==== TASK DATA ====
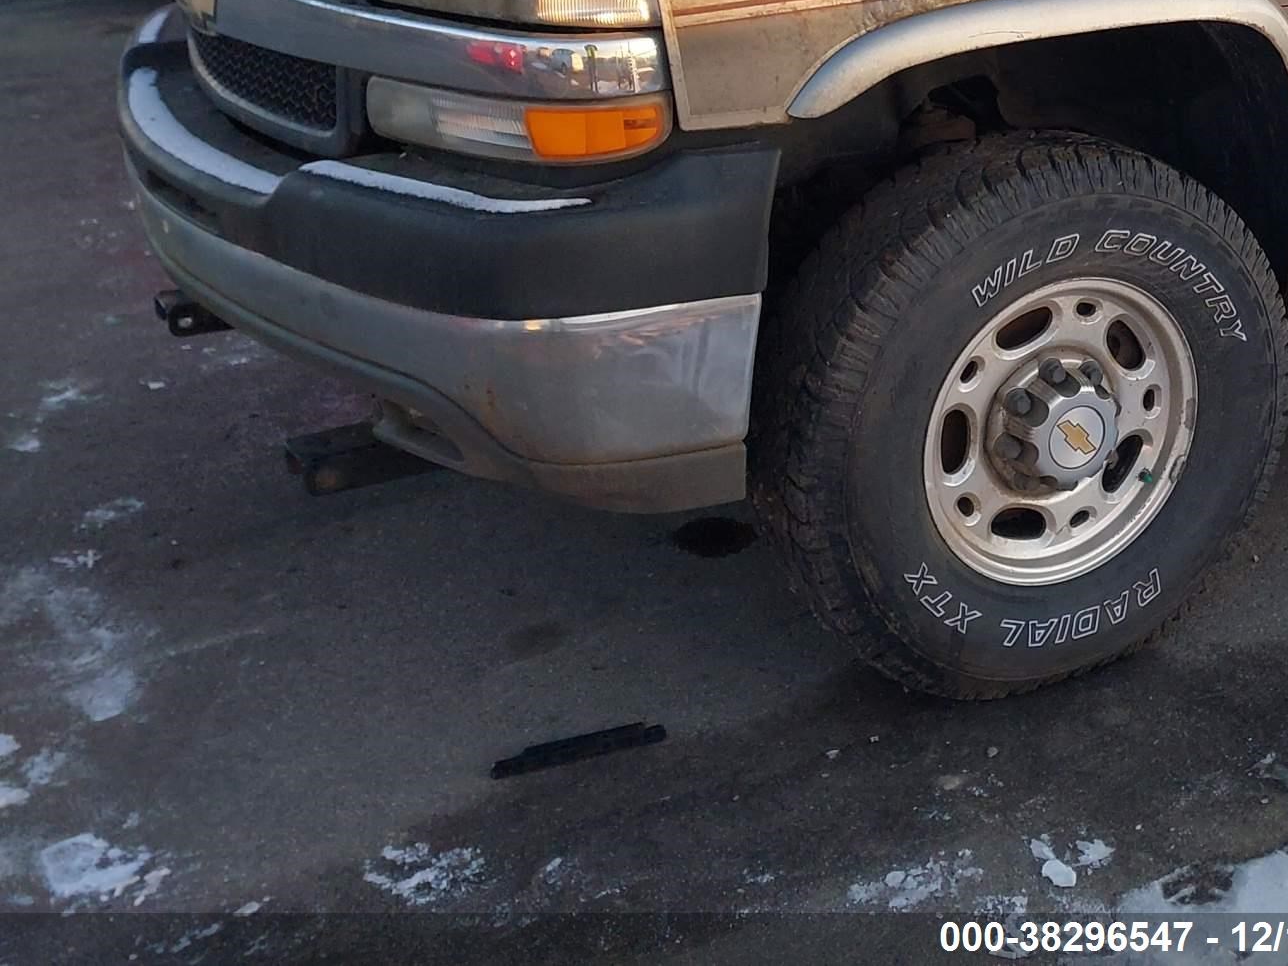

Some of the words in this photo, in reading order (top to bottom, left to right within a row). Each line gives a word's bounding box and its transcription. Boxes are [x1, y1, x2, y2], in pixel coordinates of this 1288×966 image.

[970, 233, 1081, 307] WILD
[1094, 229, 1248, 343] COUNTRY
[903, 562, 983, 634] XTX
[1000, 567, 1162, 649] RADIAL
====
■ TASK STATEMENT ■
Every record above should reappear exactly, with the pictures gone.

■ OUTPUT FOR THIS TASK ■
Some of the words in this photo, in reading order (top to bottom, left to right within a row). Each line gives a word's bounding box and its transcription. Boxes are [x1, y1, x2, y2], in pixel coordinates of this 1288×966 image.

[970, 233, 1081, 307] WILD
[1094, 229, 1248, 343] COUNTRY
[903, 562, 983, 634] XTX
[1000, 567, 1162, 649] RADIAL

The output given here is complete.